Step 1: Reading the Initialization Vector (IV)
We’ll read the IV from the encrypted file to use it during the decryption process. The IV size depends on the encryption cipher used (in this case, AES-256-CBC).

<?php
function decryptFile($inputFile, $outputFile, $key)
{
    // Check if the input file exists and is readable
    if (!file_exists($inputFile) || !is_readable($inputFile)) {
        return false;
    }

    // Try to open the input and output files in binary mode
    $inputHandle = fopen($inputFile, 'rb');
    $outputHandle = fopen($outputFile, 'wb');

    // Check if file handles were successfully opened
    if (!$inputHandle || !$outputHandle) {
        return false;
    }

    // Read the IV from the encrypted file (IV length depends on the encryption cipher)
    $cipher = 'AES-256-CBC';
    $ivLength = openssl_cipher_iv_length($cipher);
    $iv = fread($inputHandle, $ivLength);

    // Initialize the decryption algorithm
    if (!openssl_cipher_iv_length($cipher)) {
        fclose($inputHandle);
        fclose($outputHandle);
        return false;
    }

    // Decrypt the data in chunks
    while (!feof($inputHandle)) {
        $chunk = fread($inputHandle, 8192); // Chunk size (in this case, 8 KB)

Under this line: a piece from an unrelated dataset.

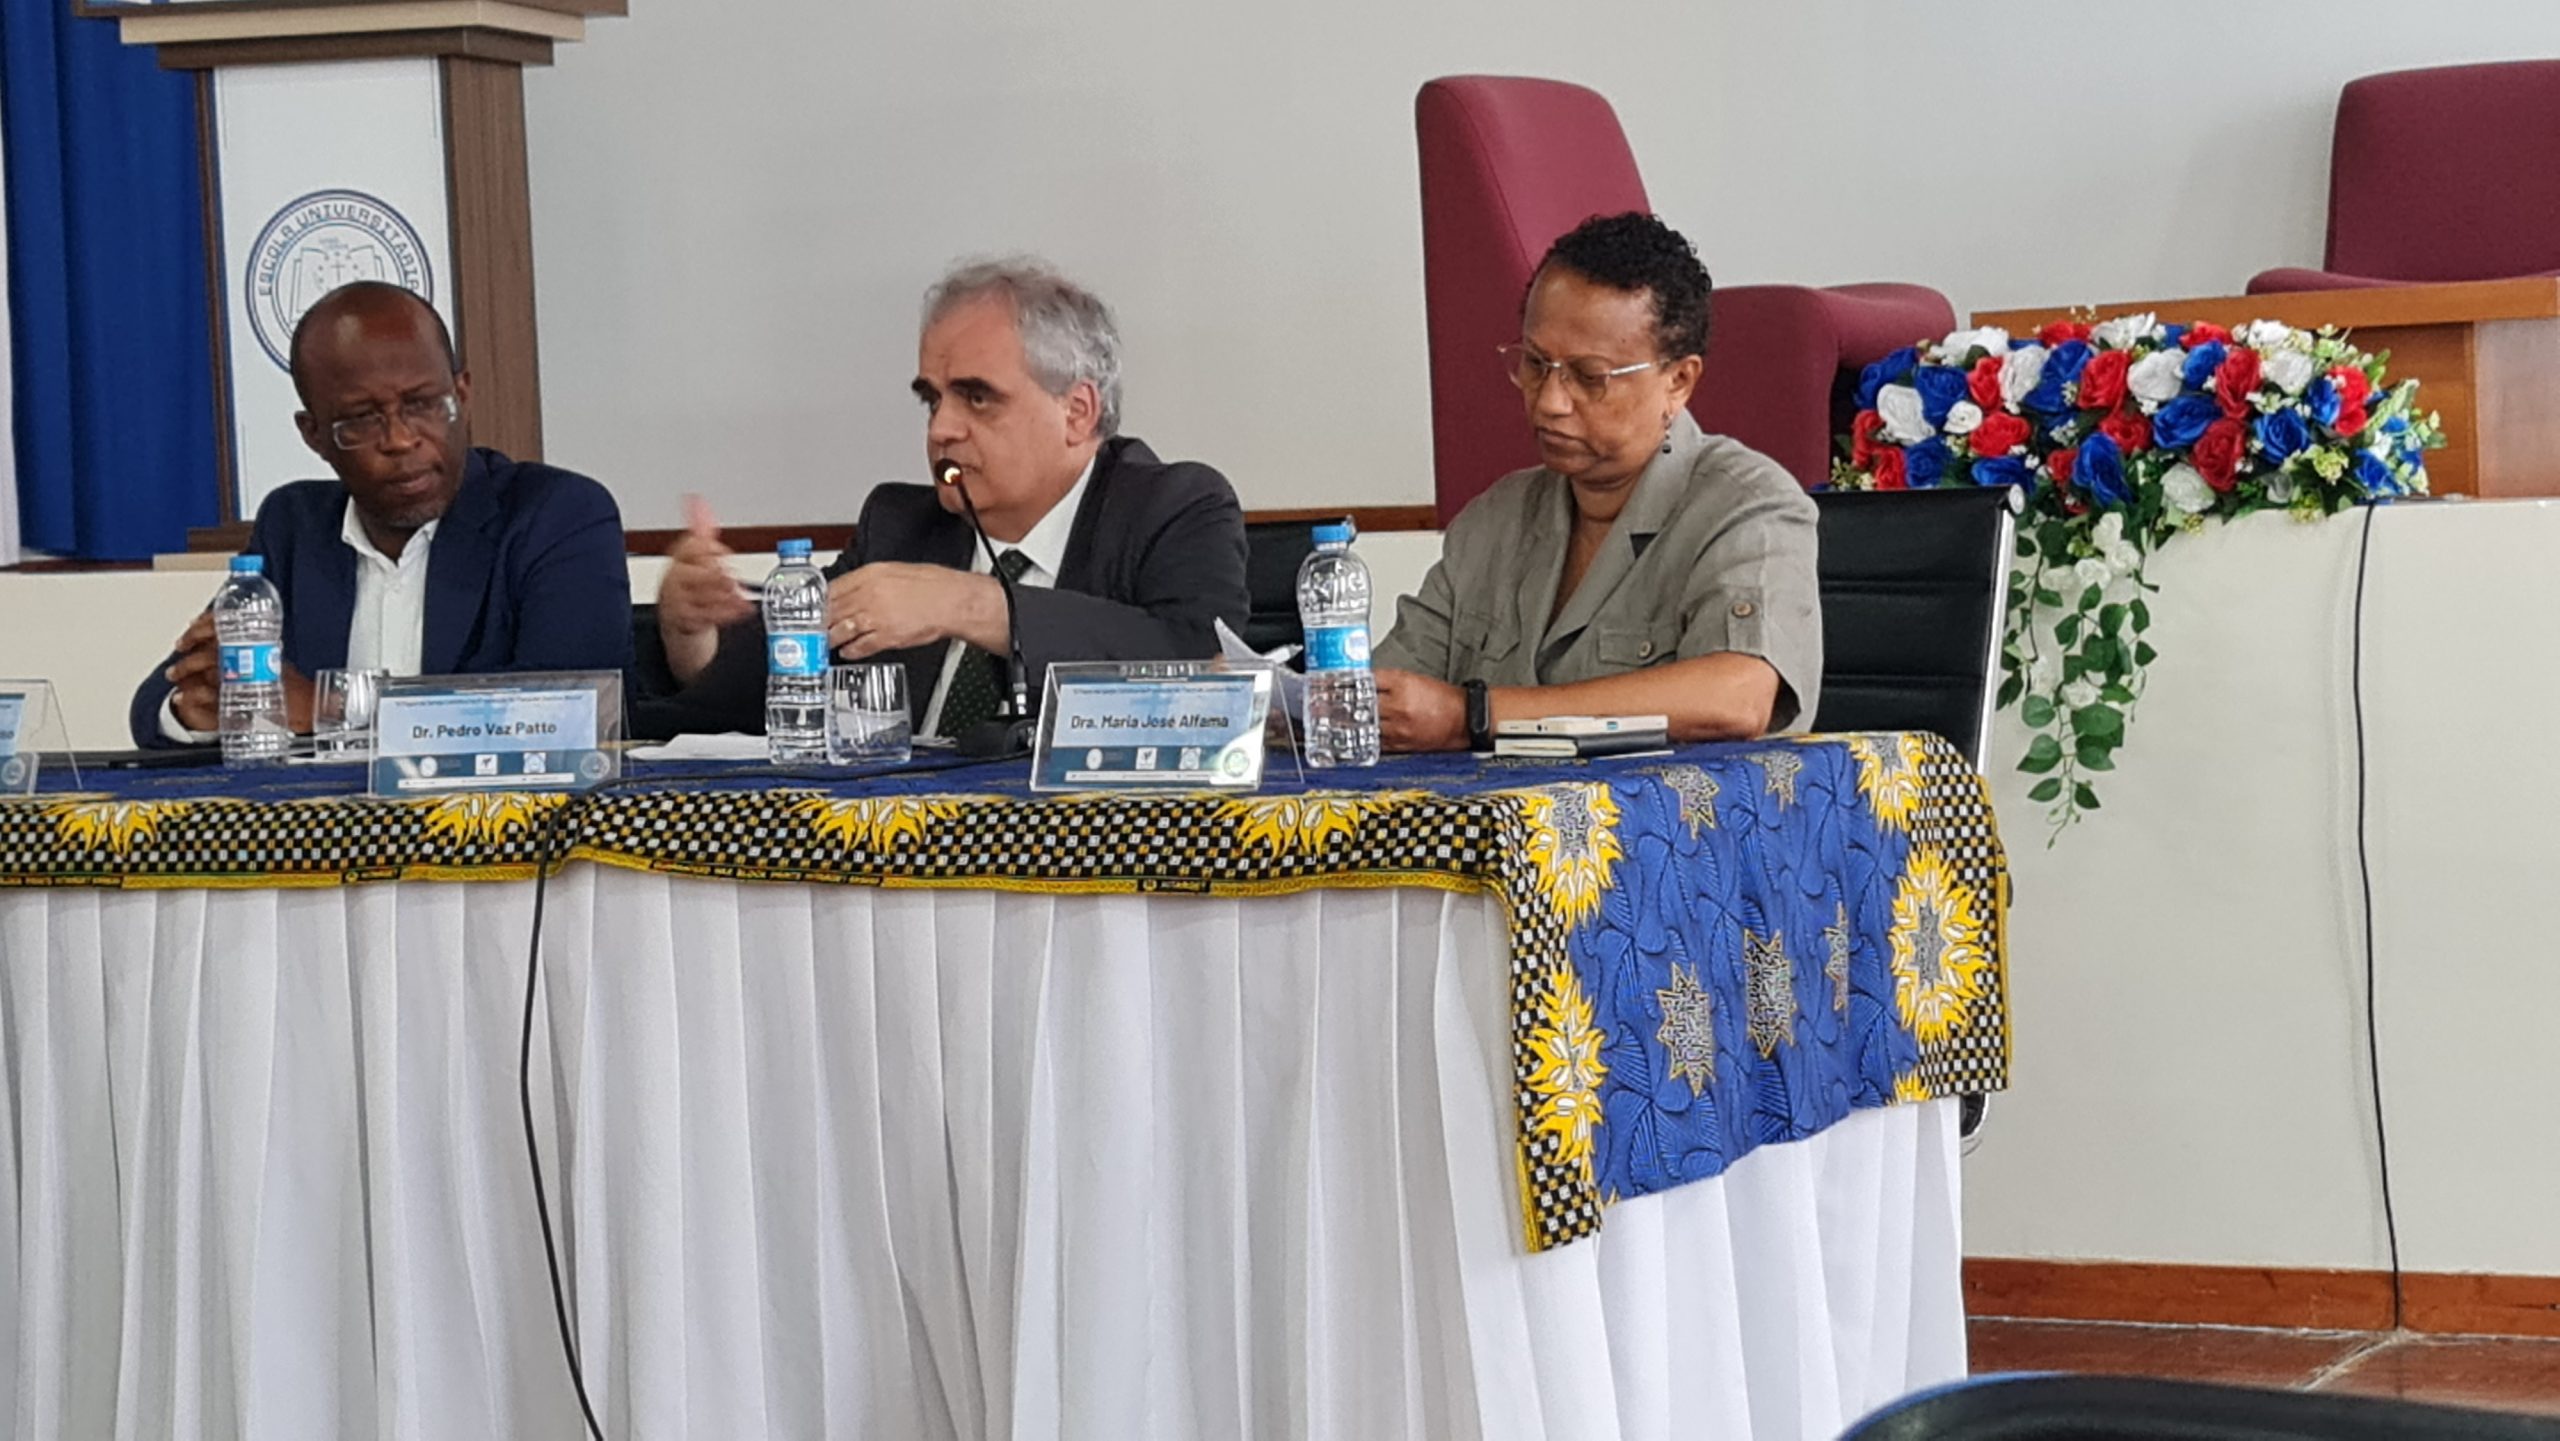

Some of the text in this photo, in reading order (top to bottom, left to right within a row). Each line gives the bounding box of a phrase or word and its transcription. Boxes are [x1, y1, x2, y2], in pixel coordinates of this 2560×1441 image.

[258, 224, 295, 297] ESCOLA
[412, 721, 557, 739] Dr. Pedro Vaz Patto
[1070, 713, 1229, 729] Dra. Maria José Alfama

        // Decrypt the chunk
        $decryptedChunk = openssl_decrypt($chunk, $cipher, $key, OPENSSL_RAW_DATA, $iv);
        if ($decryptedChunk === false) {
            fclose($inputHandle);
            fclose($outputHandle);
            return false;
        }

        // Write the decrypted chunk to the output file
        if (fwrite($outputHandle, $decryptedChunk) === false) {
            fclose($inputHandle);
            fclose($outputHandle);
            return false;
        }

        $iv = $chunk; // Use the current chunk as the next IV for the next iteration
    }

    // Close the file handles
    fclose($inputHandle);
    fclose($outputHandle);

    return true;
}

// Example usage
$inputFile = '/path/to/encryptedfile.txt';
$outputFile = '/path/to/decryptedfile.txt';

// Replace 'YOUR_ENCRYPTION_KEY' with the original encryption key used in Part 1
$key = 'YOUR_ENCRYPTION_KEY';

if (decryptFile($inputFile, $outputFile, $key)) {
    echo "File decrypted successfully.";
} else {
    echo "Decryption failed.";
}
?>

Conclusion

In Part 2 of this blog post series, we’ve covered the decryption process using OpenSSL in PHP. By reading the Initialization Vector (IV) from the encrypted file and using the same key used during encryption, we can successfully retrieve the original content from the encrypted file. Implementing both encryption and decryption knowledge ensures a comprehensive understanding of secure data handling in PHP applications.

Remember, data security is essential, and it’s crucial to handle encryption keys securely to protect sensitive information from potential threats. With the knowledge gained in this two-part series, you can confidently encrypt and decrypt large files in your PHP applications while maintaining data confidentiality and integrity. Happy coding!